[Data entries]
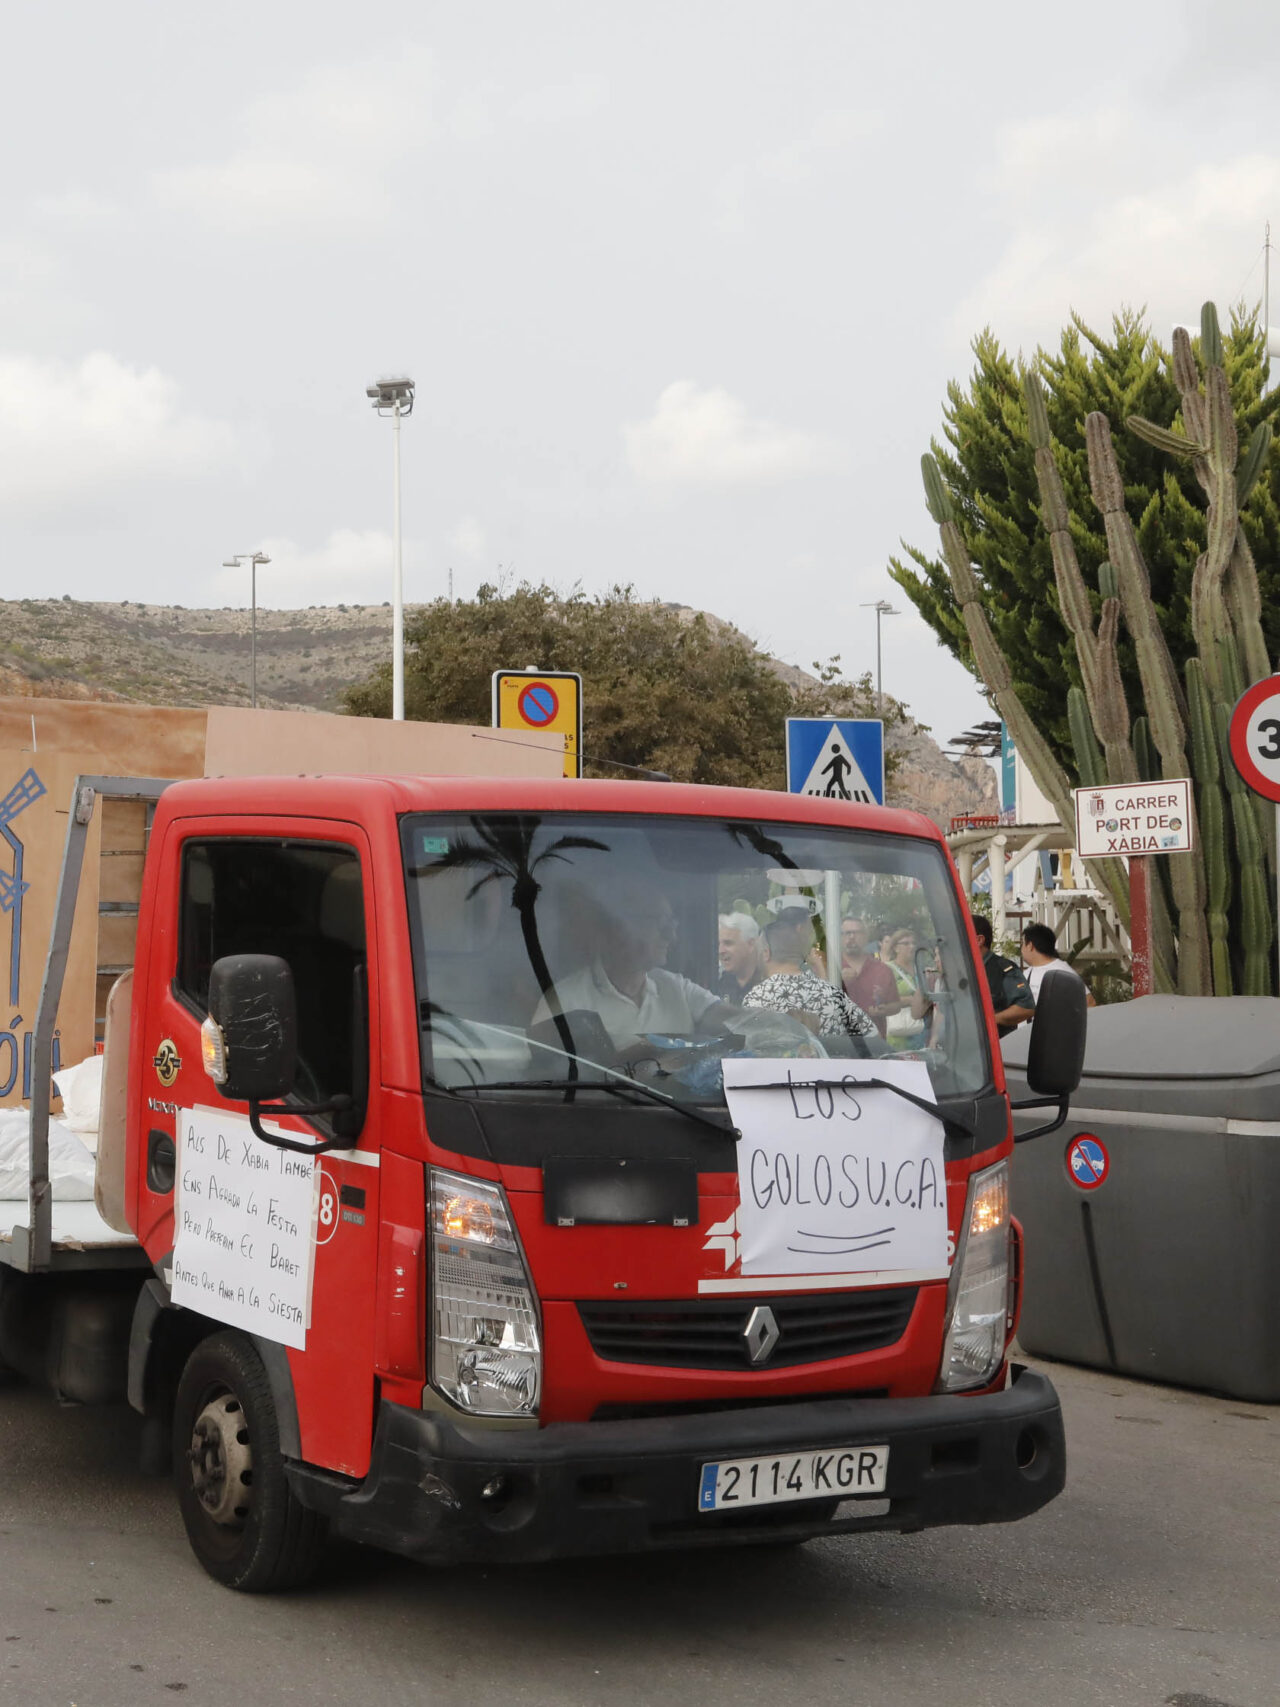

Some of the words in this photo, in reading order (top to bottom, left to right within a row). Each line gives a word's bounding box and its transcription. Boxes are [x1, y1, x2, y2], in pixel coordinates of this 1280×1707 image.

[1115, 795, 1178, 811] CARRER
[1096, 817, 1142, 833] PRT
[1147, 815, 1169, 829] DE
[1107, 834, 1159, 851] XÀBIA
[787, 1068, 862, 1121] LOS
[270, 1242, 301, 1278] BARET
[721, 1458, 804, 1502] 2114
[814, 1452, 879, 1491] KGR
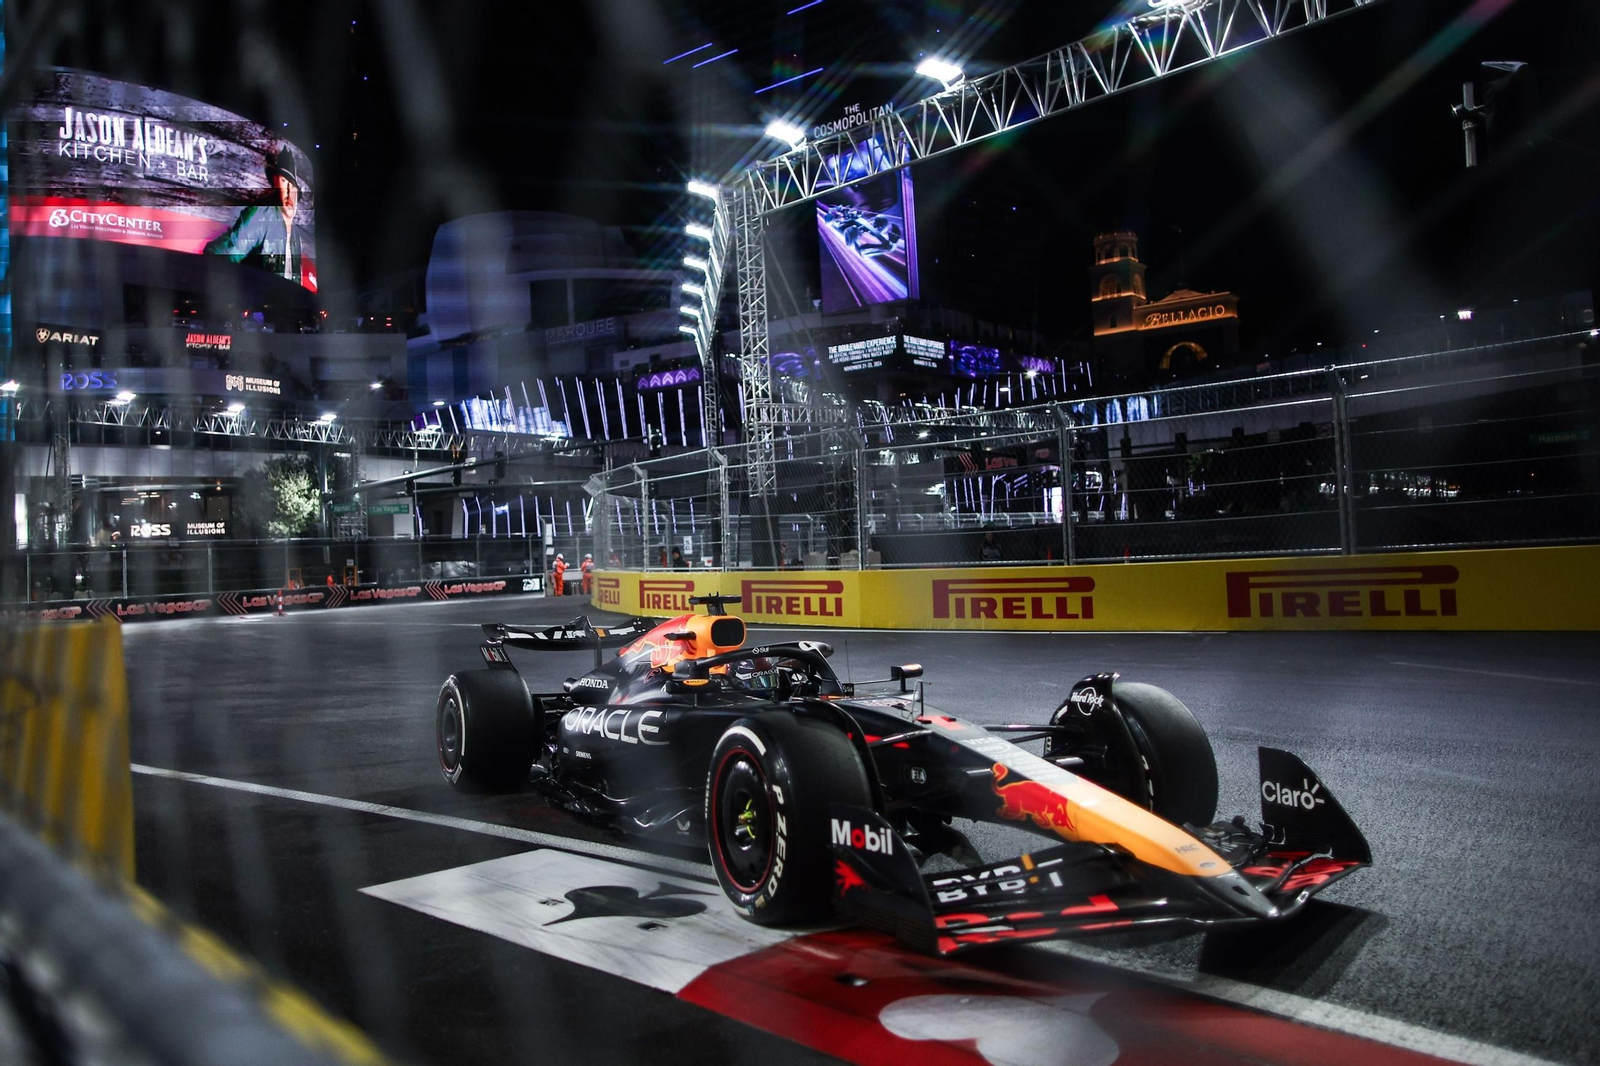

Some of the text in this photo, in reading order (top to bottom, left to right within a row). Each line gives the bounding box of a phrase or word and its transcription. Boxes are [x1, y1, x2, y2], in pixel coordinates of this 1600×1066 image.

## Work to be completed
Copy out every line above, word for word, minus images.

## Exercise output
Some of the words in this photo, in reading order (top to bottom, left to right within a row). Each line gives a word's bounding box and its transcription. Boxes are [x1, y1, x2, y2], in pixel coordinates of this 1280×1707 image.

[1115, 795, 1178, 811] CARRER
[1096, 817, 1142, 833] PRT
[1147, 815, 1169, 829] DE
[1107, 834, 1159, 851] XÀBIA
[787, 1068, 862, 1121] LOS
[270, 1242, 301, 1278] BARET
[721, 1458, 804, 1502] 2114
[814, 1452, 879, 1491] KGR

Some of the text in this photo, in reading order (top to bottom, left to right within a row). Each line gives the bounding box of a phrase or word and its transcription. Boxes are [x1, y1, x2, y2], in pixel coordinates of this 1600×1066 image.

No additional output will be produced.